Stored items
>>>>>

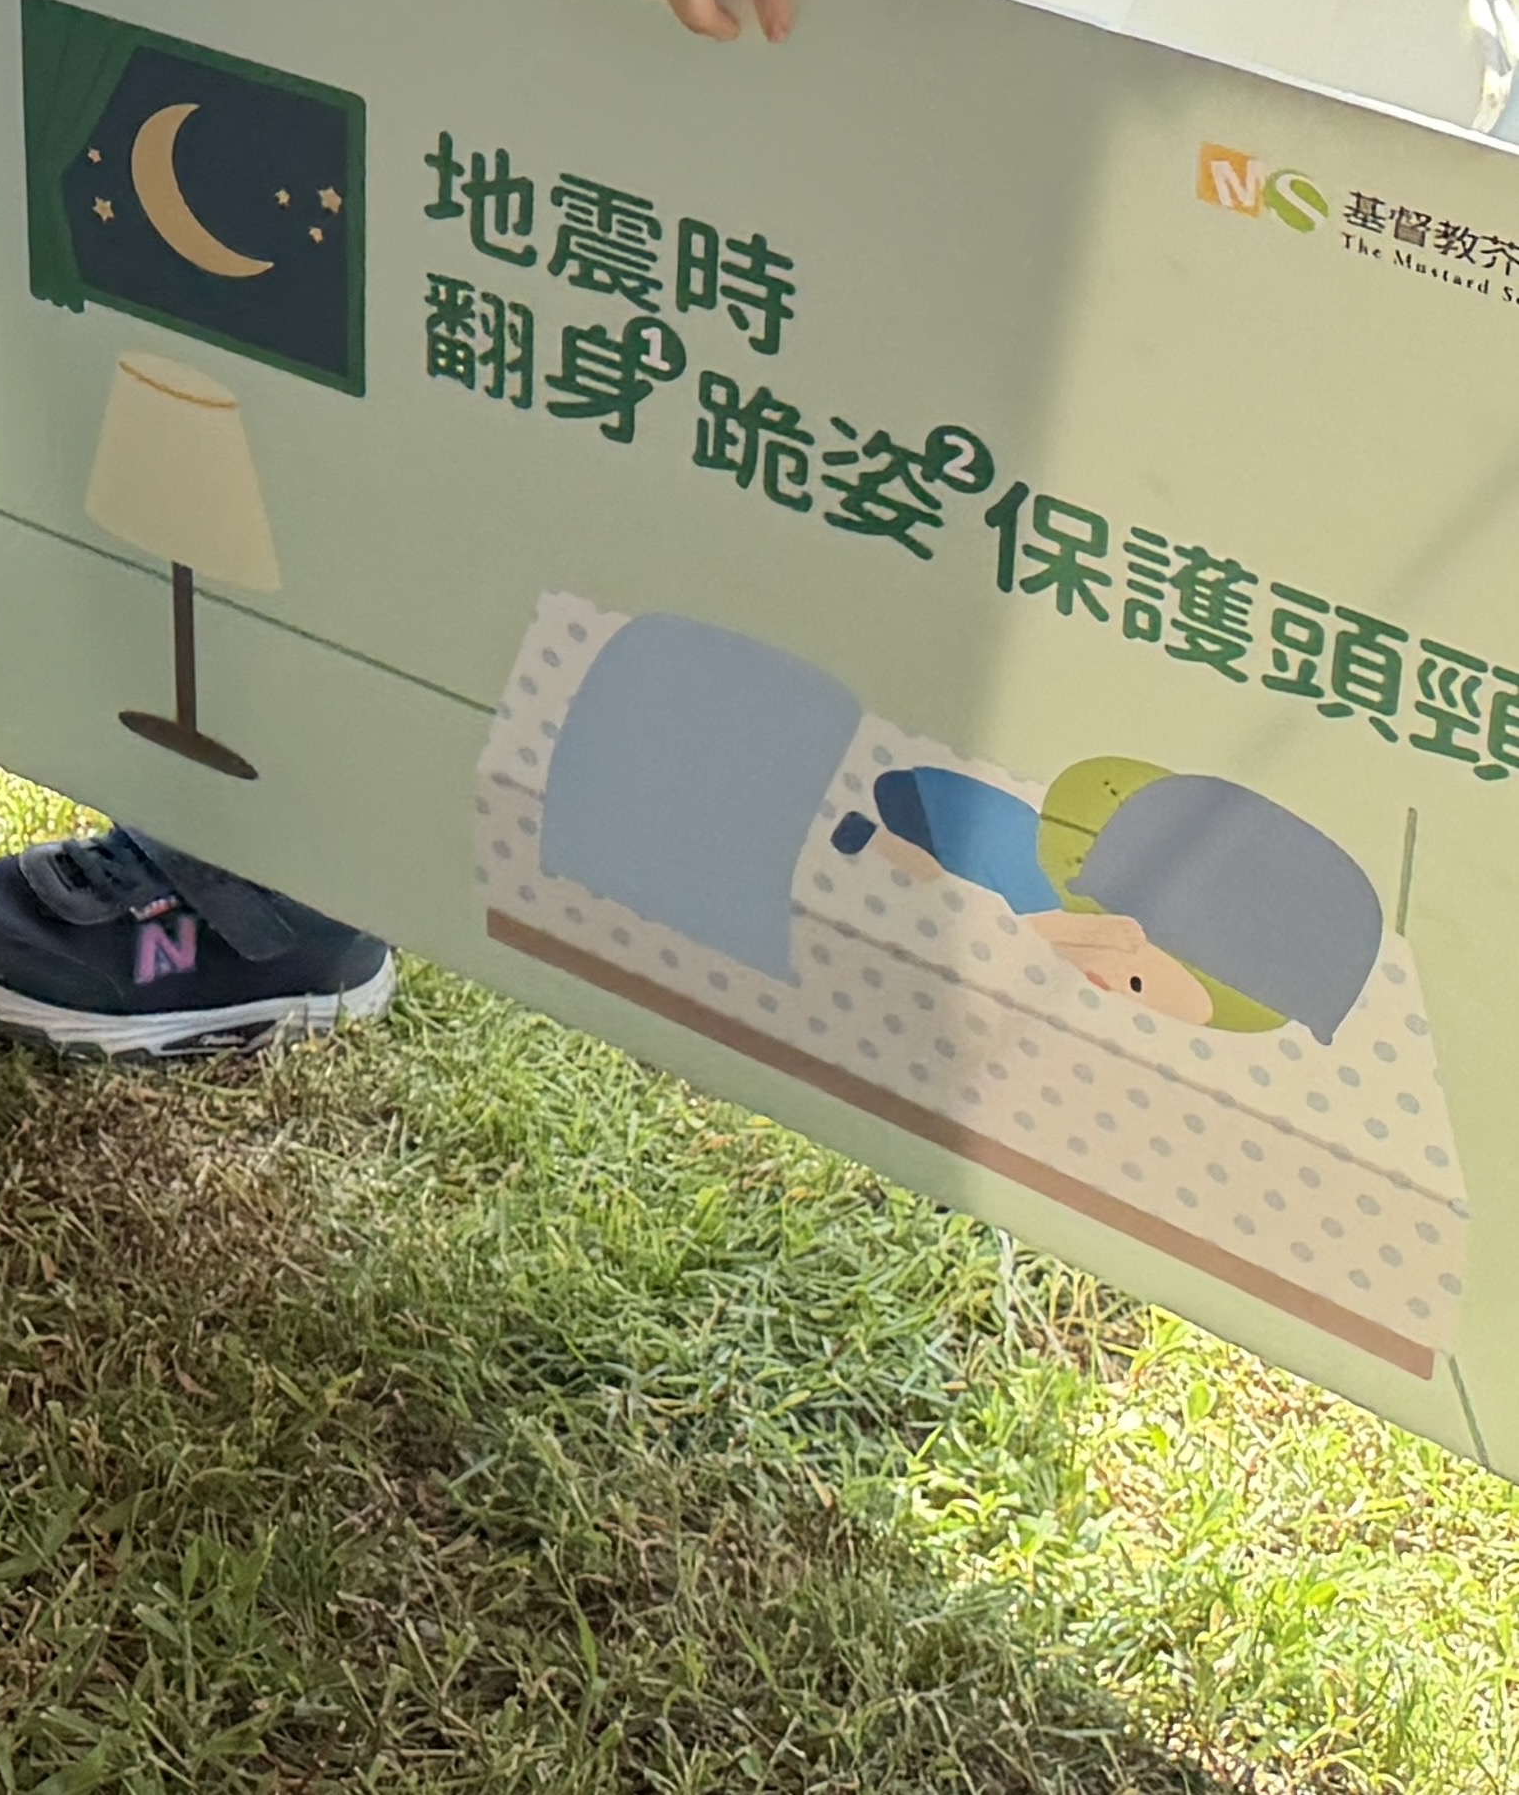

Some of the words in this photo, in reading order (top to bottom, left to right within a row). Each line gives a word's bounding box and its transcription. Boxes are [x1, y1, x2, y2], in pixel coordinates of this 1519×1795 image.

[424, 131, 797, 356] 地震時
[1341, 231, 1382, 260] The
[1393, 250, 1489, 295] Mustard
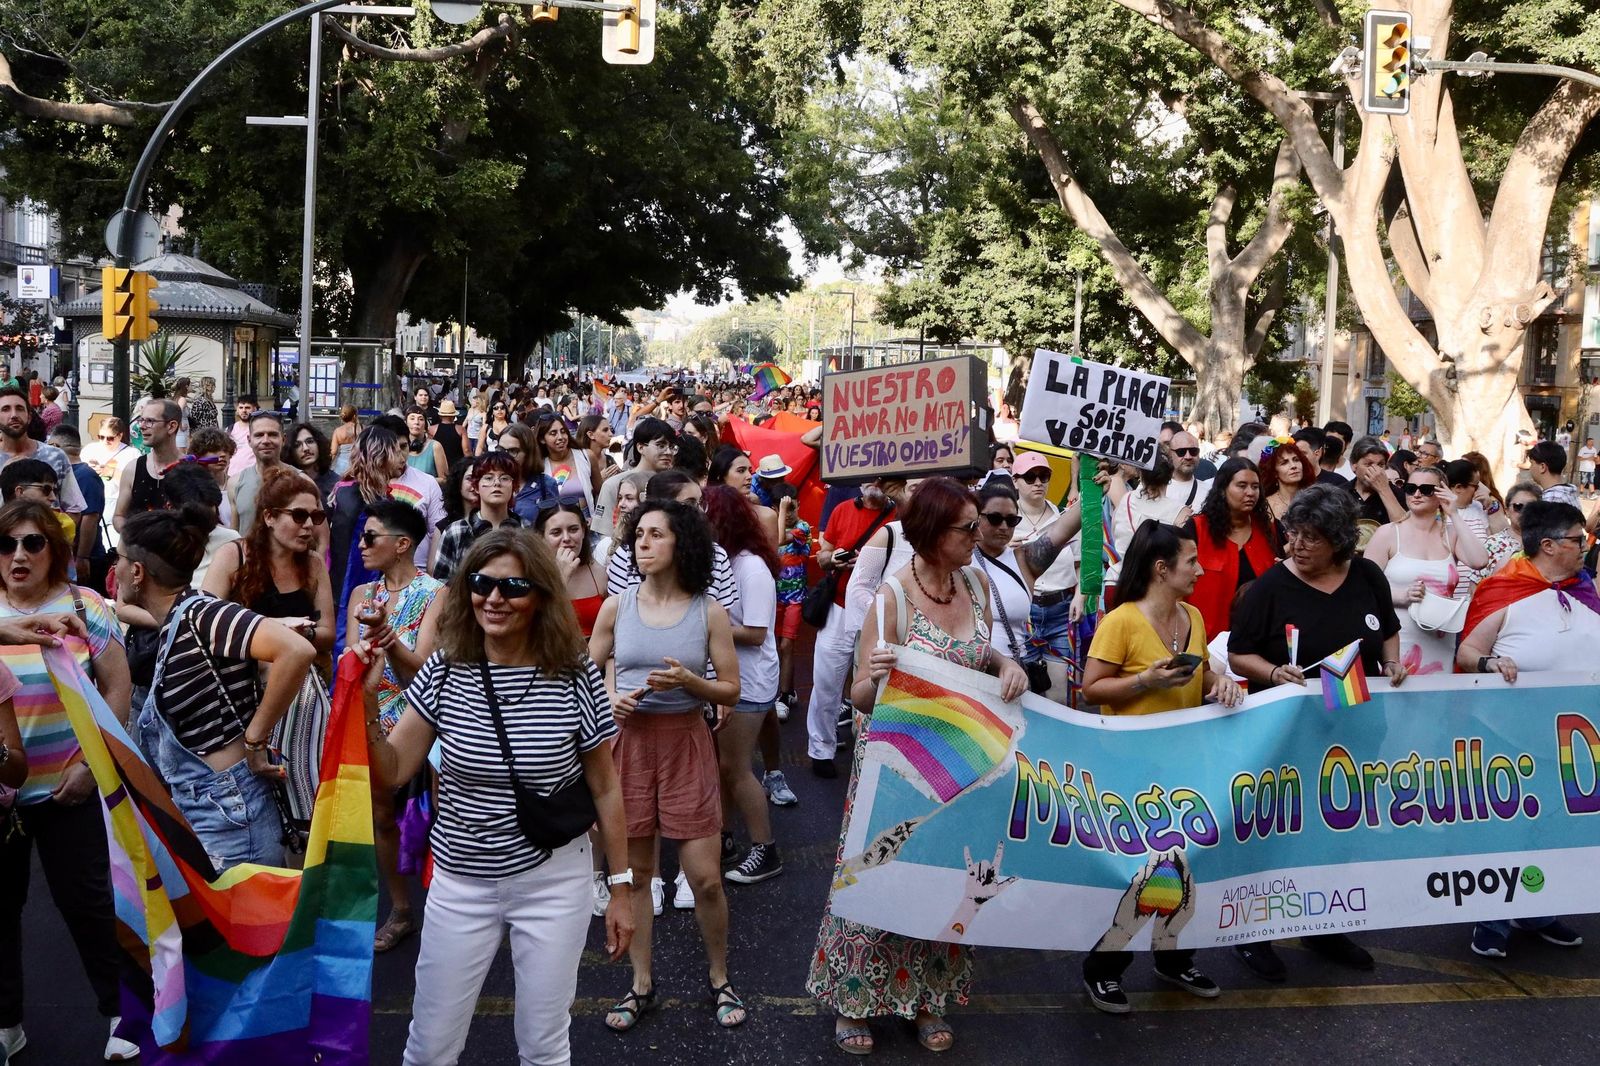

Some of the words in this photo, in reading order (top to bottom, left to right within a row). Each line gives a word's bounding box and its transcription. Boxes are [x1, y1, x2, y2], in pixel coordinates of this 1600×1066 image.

<<<<<

## Assignment
Write out the records above once more, word for word, with no pictures.

## Answer below
Some of the words in this photo, in reading order (top to bottom, left to right within a row). Each line gives a word's bounding box and its transcription. Boxes are [x1, y1, x2, y2], in pixel coordinates of this 1519×1795 image.

[424, 131, 797, 356] 地震時
[1341, 231, 1382, 260] The
[1393, 250, 1489, 295] Mustard

Some of the words in this photo, in reading order (top to bottom, left to right within a row). Each line gives a word's bounding box and its transcription. Boxes are [x1, y1, x2, y2], in pixel coordinates of this 1600×1066 image.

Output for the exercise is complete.